The jokes, the fight scenes, the quippy one-liners, they all fly at you a mile a minute as though it’s calculated that a certain number will stick their landing, even if the rest immediately fade away. The Avengers in this film are like bickering married couples. You love to just watch them at their best and at their worst.

It’s to the point that there’s so much that will make fans and even casual audiences salivate that you’ll ignore the things that don’t make sense, the characters that don’t appear at all, or the side plots that fall flat and feel tacked on. I read a million theories, many of them plausible, that explained what might happen in the events of “Infinity War.” All of them were wrong. And the story they did come up with, it’s not as though this is some brilliantly conceived storytelling where the 10-year-long continuity finally pays off. “Infinity War” isn’t “Lost.” Fanboys will cite an hour’s worth of context to explain how it actually did made sense all along. But it doesn’t matter, because everyone else is more than happy to just go along with the ride.

More fascinating to me is Thanos and the morbid glee fans must get from seeing this 8-foot-tall purple warlord pummel the crap out of their beloved superheroes. As a villain of sheer invincible power, it’d be tough to find a better villain. Whether or not he’s an empathetic, complex character is another story altogether.

And Thanos gets at the root of what “Infinity War” feels like. It’s an epic event more so than a great movie. Does it have the style, the creativity or the meaning behind it that “Black Panther” does? Of course not. It pays fleeting lip service to themes of sacrifice, theology and the apocalypse. But those ideas will hardly be on the minds of anyone after the film.

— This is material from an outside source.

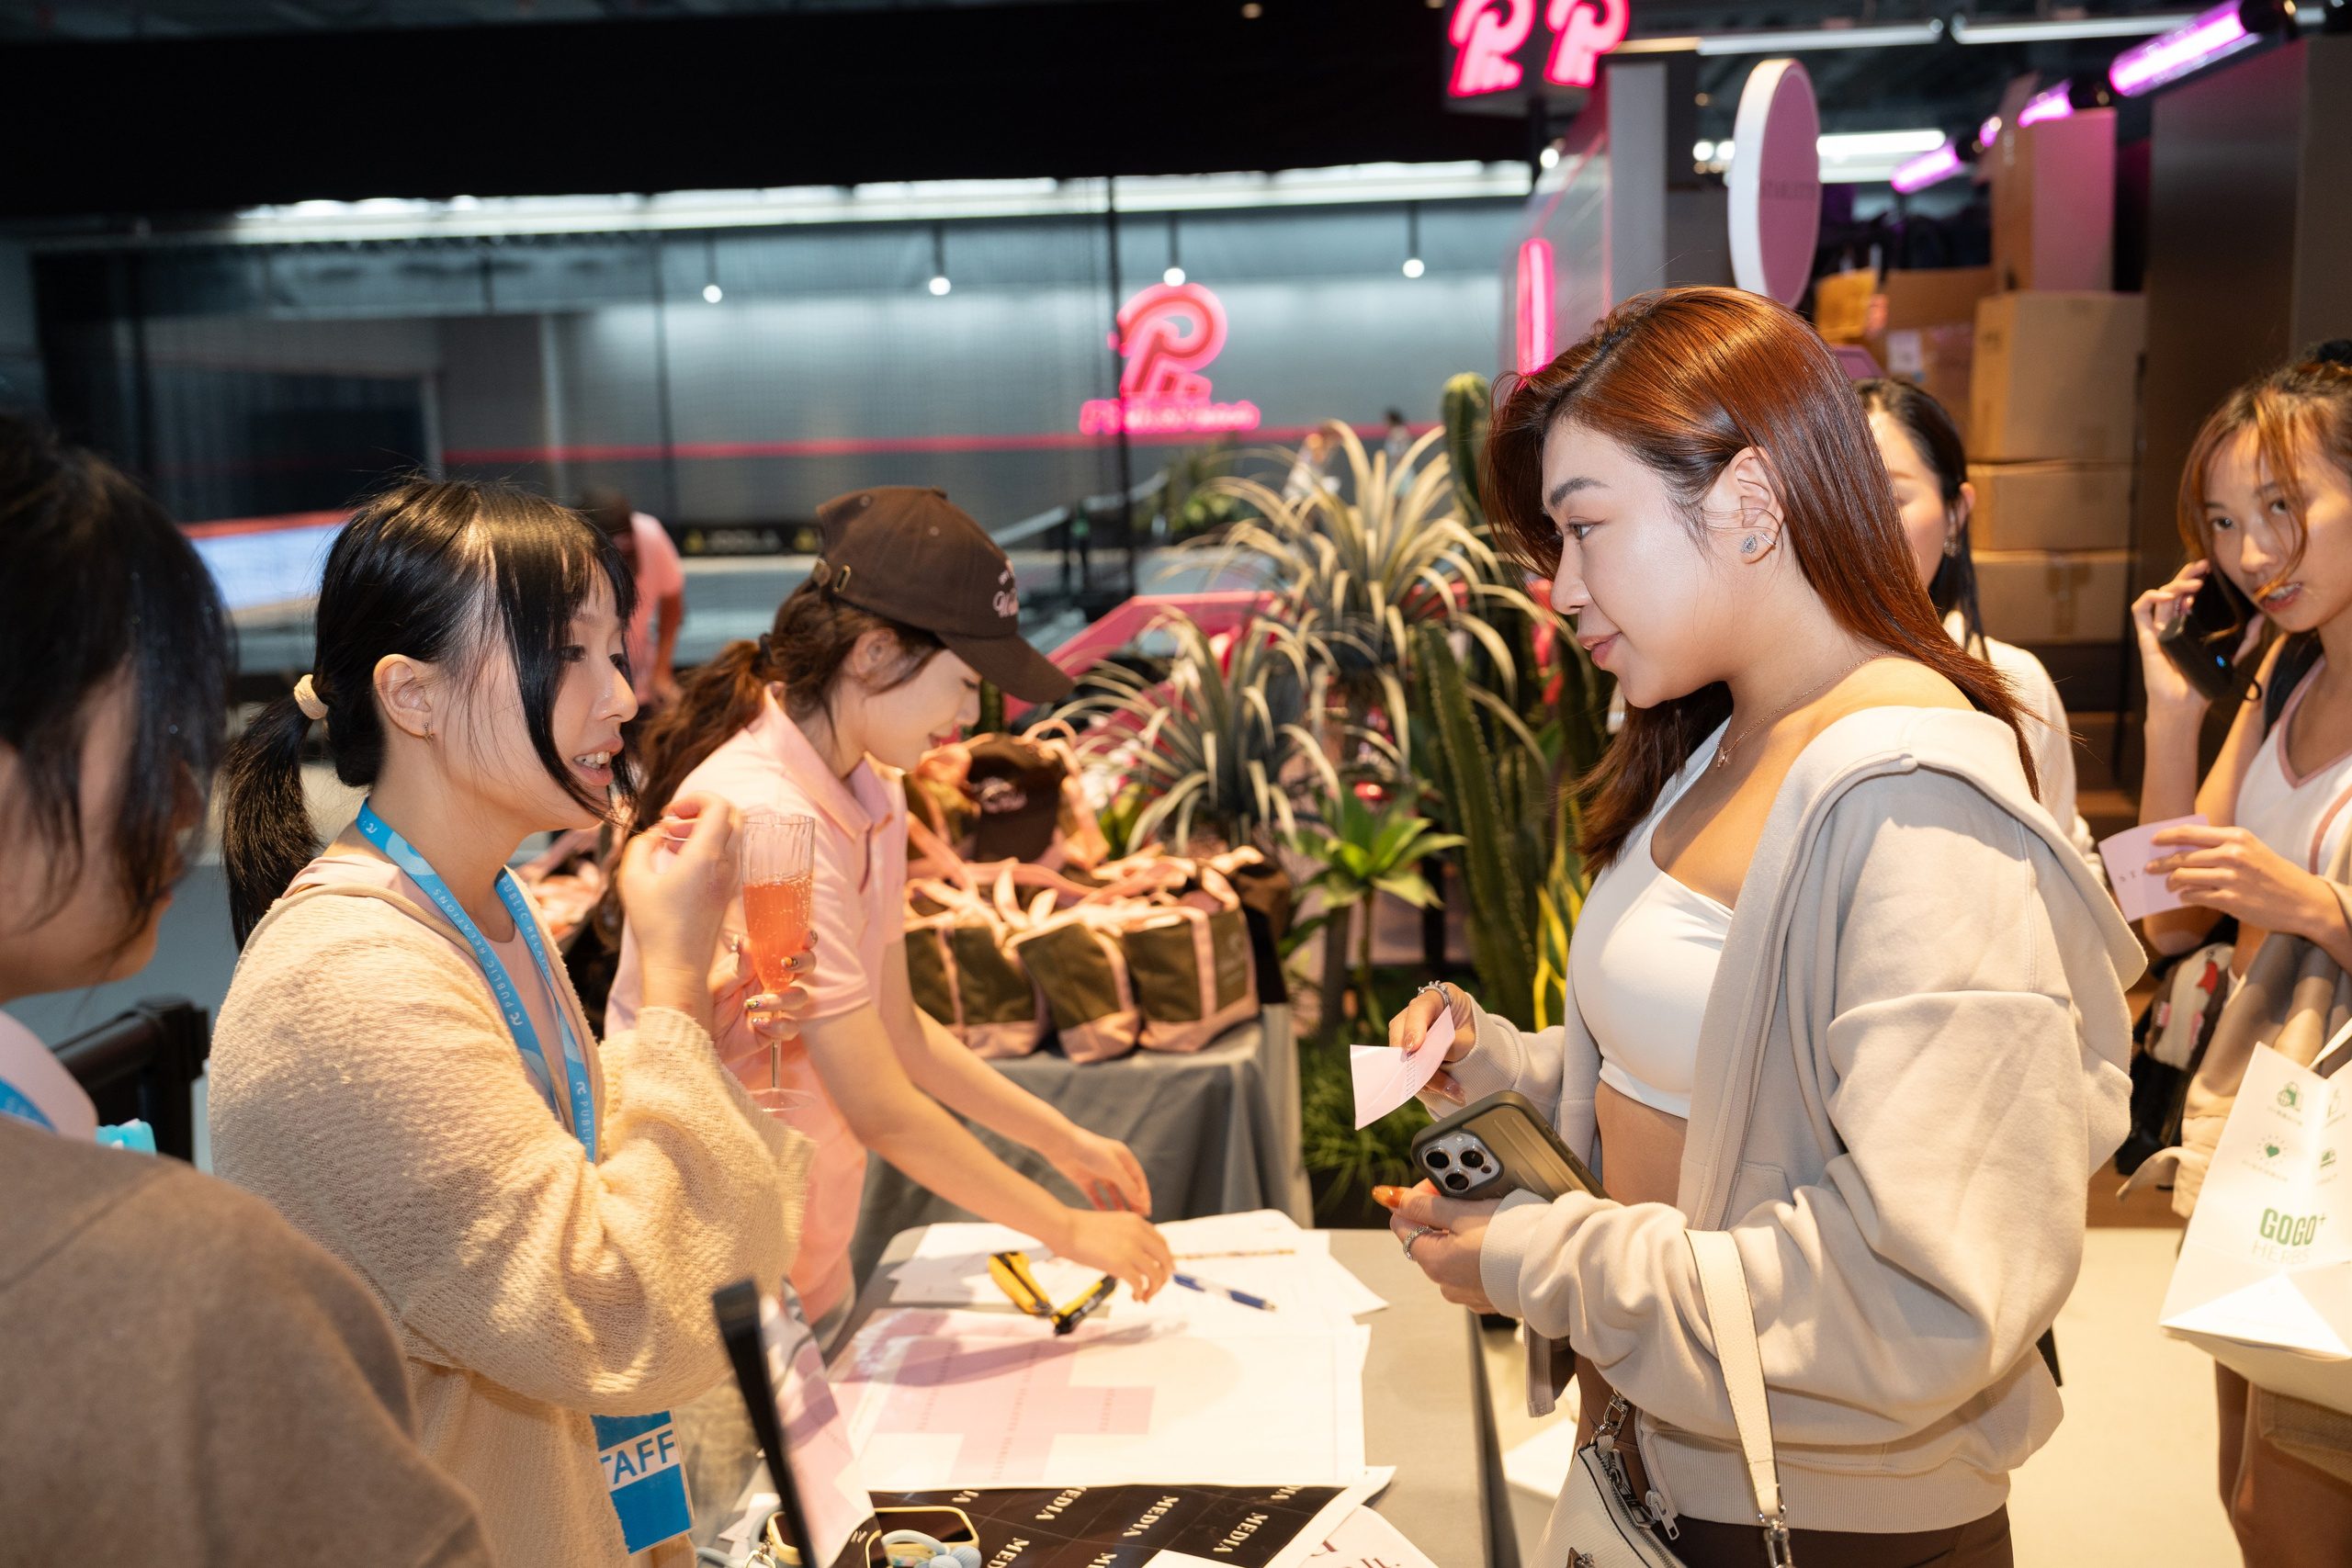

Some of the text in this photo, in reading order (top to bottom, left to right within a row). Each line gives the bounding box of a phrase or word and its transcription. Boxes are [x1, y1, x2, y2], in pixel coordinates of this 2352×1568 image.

But again, I find it hard to be too cynical about any of this. Increasingly I don’t see Marvel as just some inevitable, pop culture juggernaut I’m forced to constantly talk about. I can admire the MCU for doing something no franchise has done before and be positive that the whole country, if not the world, can rally behind this single pop cultural moment. And I’ll be happy to keep doing this until the next one.